Effects of stabilizing or increasing respiratory motor outputs on obstructive sleep apnea.

To determine how the obstructive sleep apnea (OSA) patient's pathophysiological traits predict the success of the treatment aimed at stabilization or increase in respiratory motor outputs, we studied 26 newly diagnosed OSA patients [apnea-hypopnea index (AHI) 42 ± 5 events/h with 92% of apneas obstructive] who were treated with O2 supplementation, an isocapnic rebreathing system in which CO2 was added only during hyperpnea to prevent transient hypocapnia, and a continuous rebreathing system.
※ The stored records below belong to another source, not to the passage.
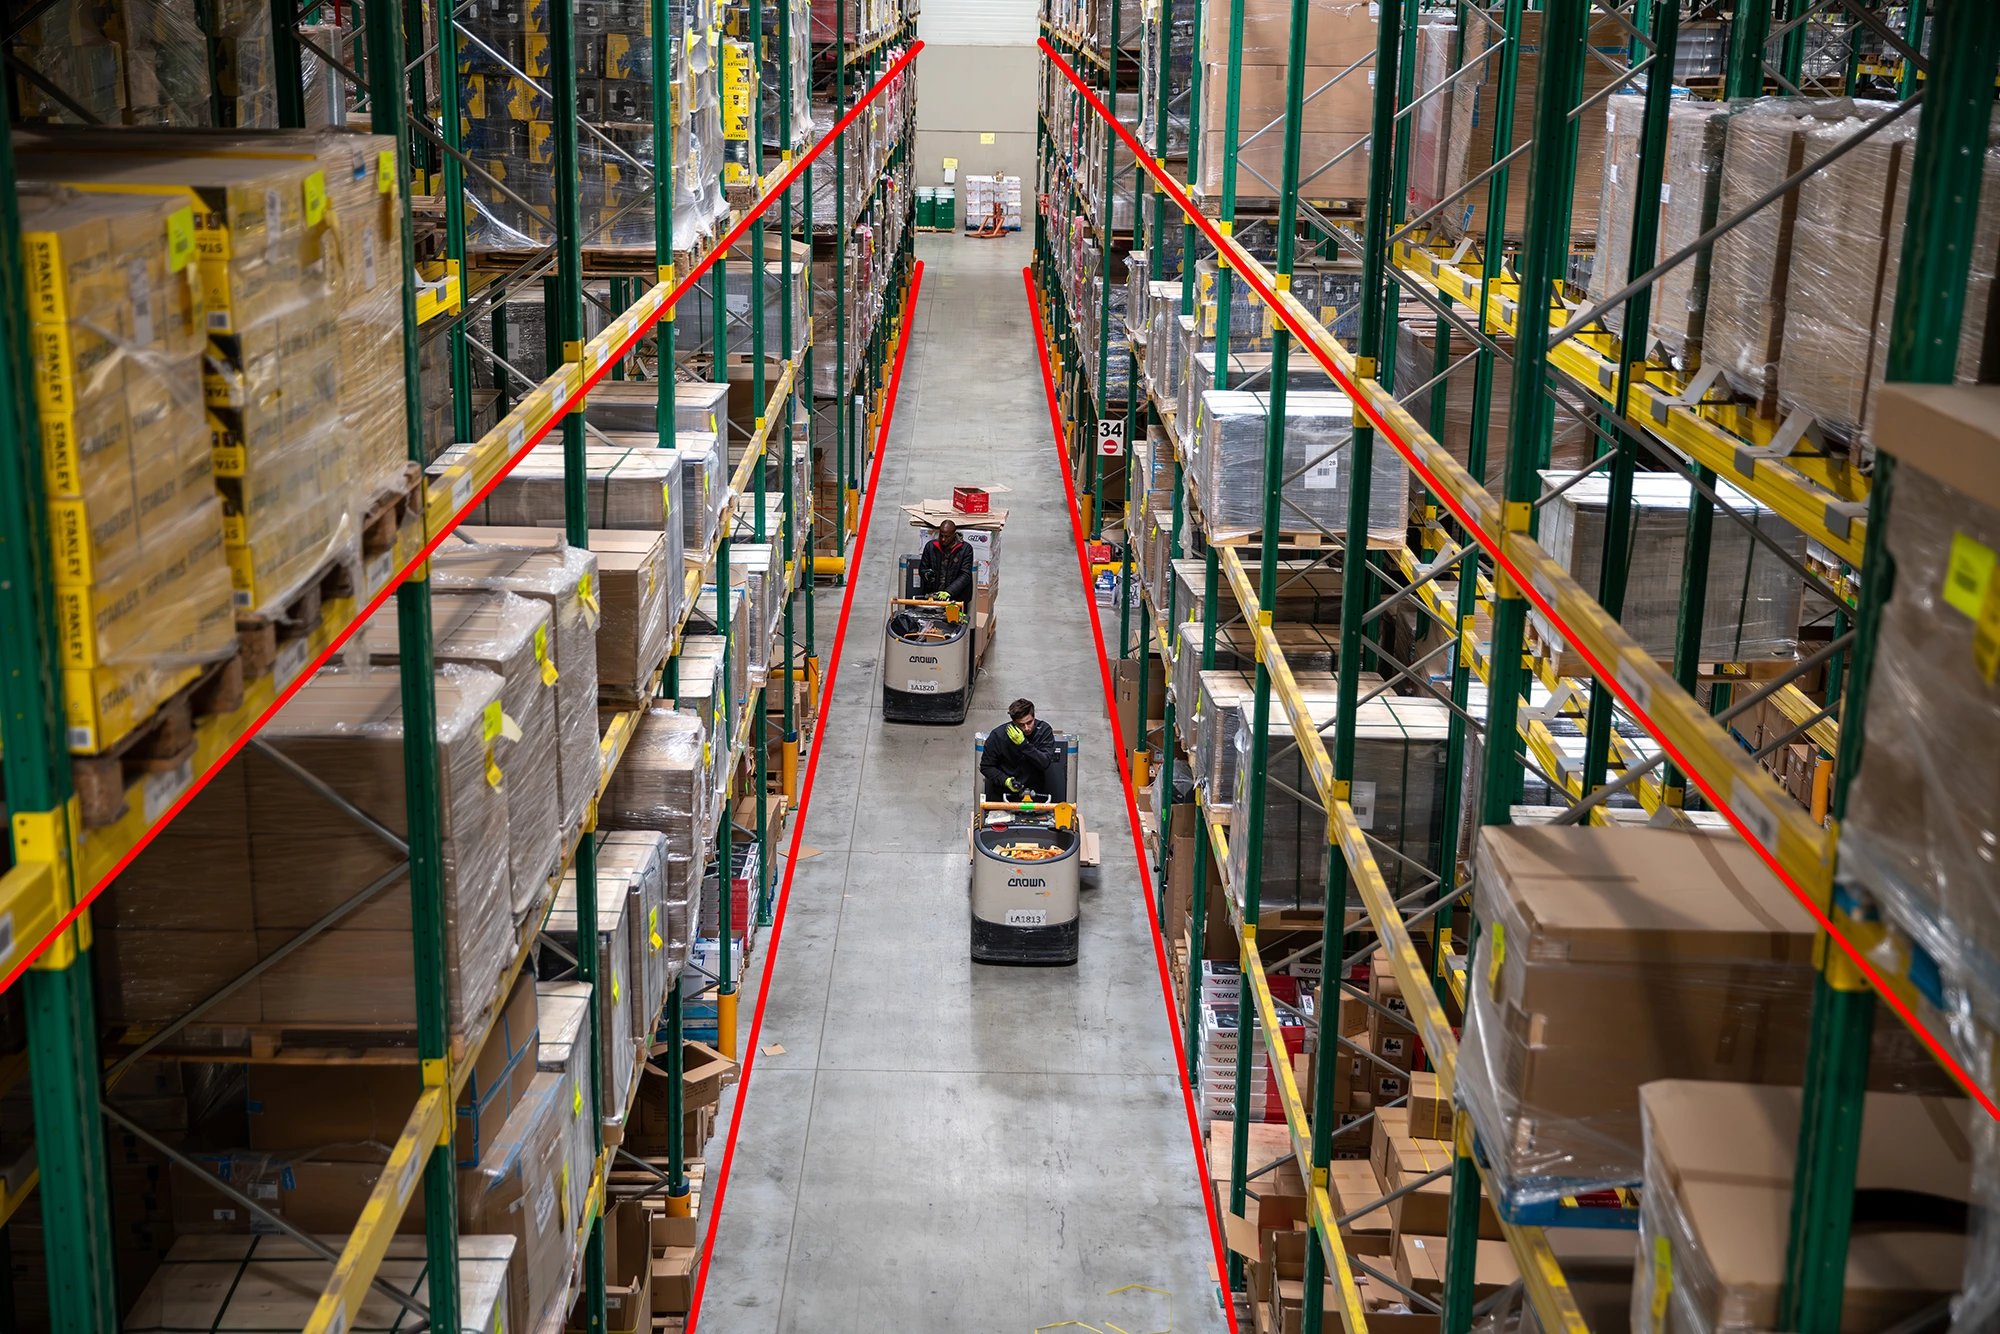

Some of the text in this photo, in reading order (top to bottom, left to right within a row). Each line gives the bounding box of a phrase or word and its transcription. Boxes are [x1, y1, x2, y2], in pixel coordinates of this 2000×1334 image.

[37, 241, 55, 315] STANLEY
[44, 333, 63, 404] STANLEY
[52, 421, 71, 491] STANLEY
[1100, 422, 1122, 437] 34
[64, 509, 82, 578] STANLEY
[66, 594, 83, 661] STANLEY
[909, 655, 938, 664] CROWN
[1007, 878, 1046, 887] CROWN
[1010, 915, 1041, 924] LA1813
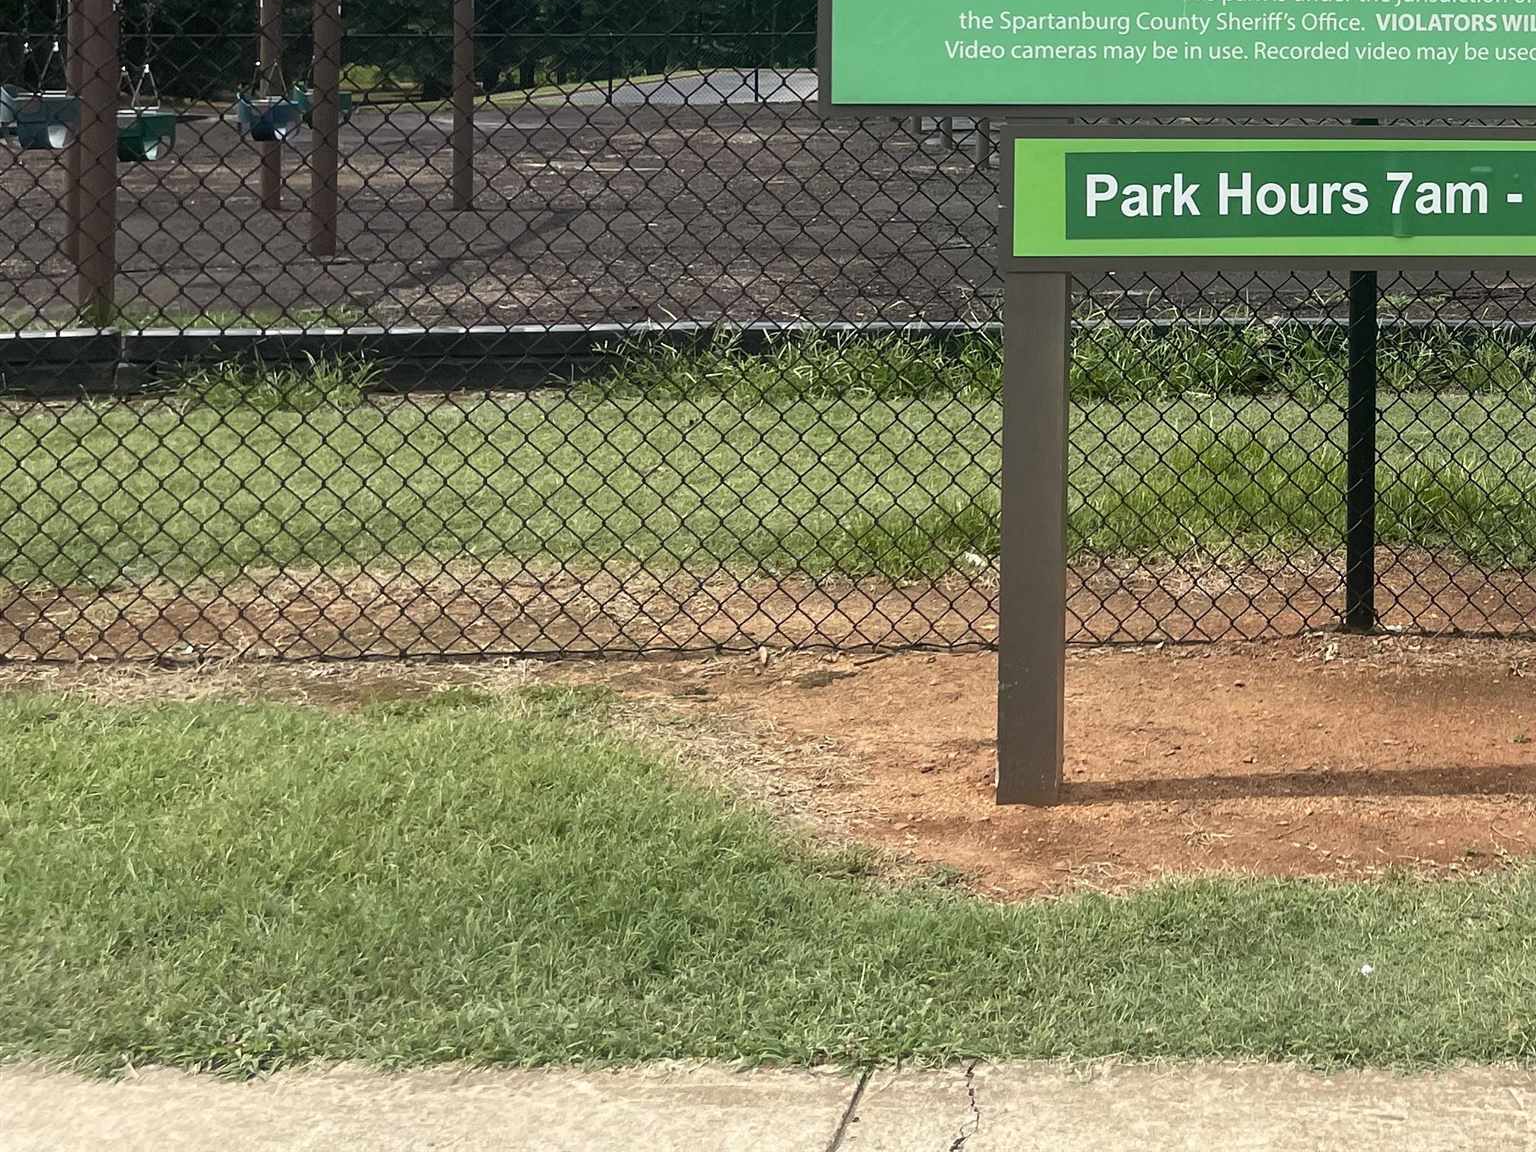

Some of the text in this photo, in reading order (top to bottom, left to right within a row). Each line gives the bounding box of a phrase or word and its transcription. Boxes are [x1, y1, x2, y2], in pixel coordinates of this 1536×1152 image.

[958, 10, 994, 30] the
[999, 10, 1131, 35] Spartanburg
[1135, 11, 1211, 36] County
[1301, 11, 1366, 32] Office.
[1375, 12, 1498, 32] VIOLATORS
[944, 39, 1006, 59] Video
[1010, 44, 1098, 60] cameras
[1103, 45, 1148, 65] may
[1152, 40, 1179, 60] be
[1184, 41, 1203, 60] in
[1208, 45, 1249, 60] use.
[1253, 40, 1350, 60] Recorded
[1354, 41, 1412, 61] video
[1416, 46, 1460, 65] may
[1464, 41, 1490, 61] be
[1086, 172, 1201, 218] Park
[1218, 172, 1369, 216] Hours
[1386, 171, 1488, 215] 7am
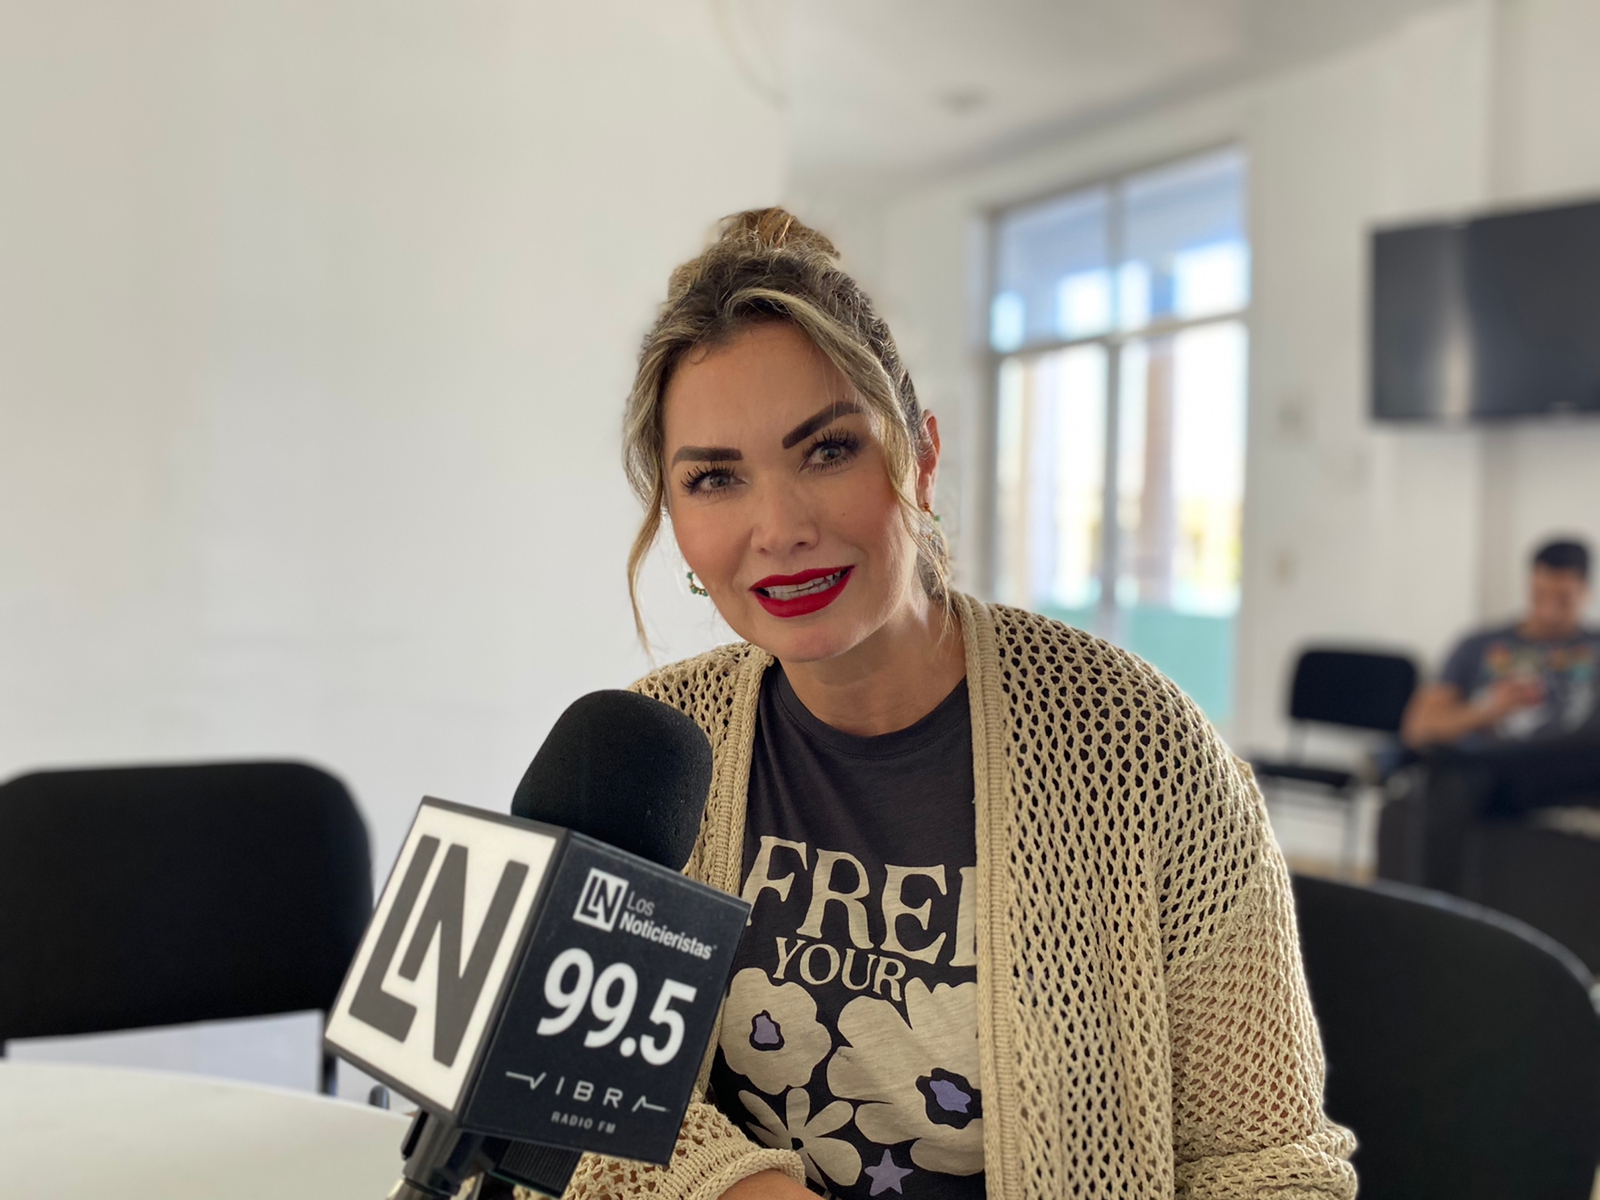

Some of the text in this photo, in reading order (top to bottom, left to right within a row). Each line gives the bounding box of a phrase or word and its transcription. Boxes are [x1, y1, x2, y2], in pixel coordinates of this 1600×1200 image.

[348, 834, 530, 1068] LN
[619, 911, 713, 960] Noticieristas
[772, 936, 906, 1001] YOUR
[536, 948, 697, 1066] 99.5
[505, 1071, 669, 1112] VIBRA
[551, 1111, 616, 1134] RADIO FM
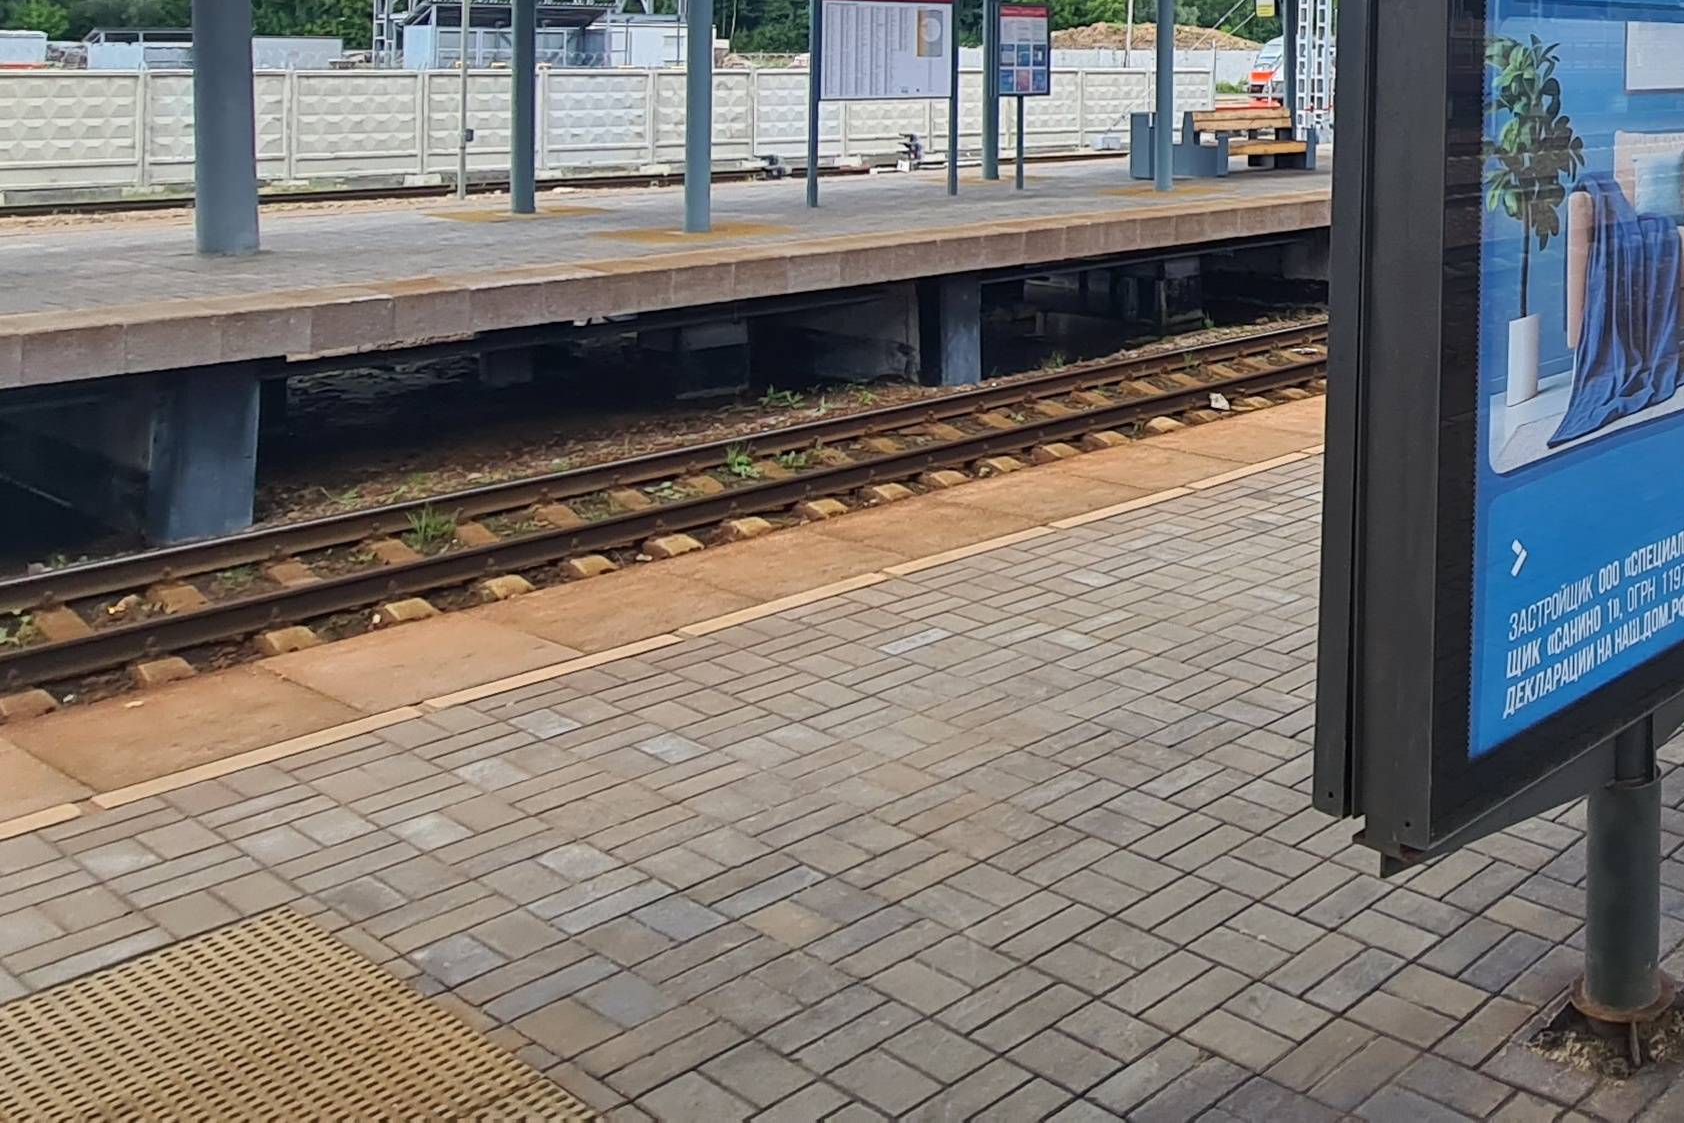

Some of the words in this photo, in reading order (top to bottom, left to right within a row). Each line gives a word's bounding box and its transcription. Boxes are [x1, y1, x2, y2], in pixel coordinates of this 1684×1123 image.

[1506, 637, 1542, 679] ЩИК
[1547, 604, 1601, 656] «САНИНО
[1627, 576, 1656, 613] ОГРН
[1508, 573, 1594, 641] ЗАСТРОЙЩИК
[1598, 560, 1620, 594] ООО
[1502, 643, 1595, 720] ДЕКЛАРАЦИИ
[1596, 633, 1612, 666] НА
We also measured each patient's controller gain below eupnea [change in minute volume/change in end-tidal Pco2 (ΔVe/ΔPetCO2)], CO2 reserve (eupnea-apnea threshold PetCO2), and plant gain (ΔPetCO2/ΔVe), as well as passive upper airway closing pressure (Pcrit). With isocapnic rebreathing, 14/26 reduced their AHI to 31 ± 6% of control (P < 0.01) (responder); 12/26 did not show significant change (nonresponder). The responders vs. nonresponders had a greater controller gain (6.5 ± 1.7 vs. 2.1 ± 0.2 l·min(-1)·mmHg(-1), P < 0.01) and a smaller CO2 reserve (1.9 ± 0.3 vs. 4.3 ± 0.4 mmHg, P < 0.01) with no differences in Pcrit (-0.1 ± 1.2 vs. 0.2 ± 0.9 cmH2O, P > 0.05). Hypercapnic rebreathing (+4.2 ± 1 mmHg PetCO2) reduced AHI to 15 ± 4% of control (P < 0.001) in 17/21 subjects with a wide range of CO2 reserve. Hyperoxia (SaO2 ∼95-98%) reduced AHI to 36 ± 11% of control in 7/19 OSA patients tested. We concluded that stabilizing central respiratory motor output via prevention of transient hypocapnia prevents most OSA in selected patients with a high chemosensitivity and a collapsible upper airway, whereas increasing respiratory motor output via moderate hypercapnia eliminates OSA in most patients with a wider range of chemosensitivity and CO2 reserve. Reducing chemosensitivity via hyperoxia had a limited and unpredictable effect on OSA.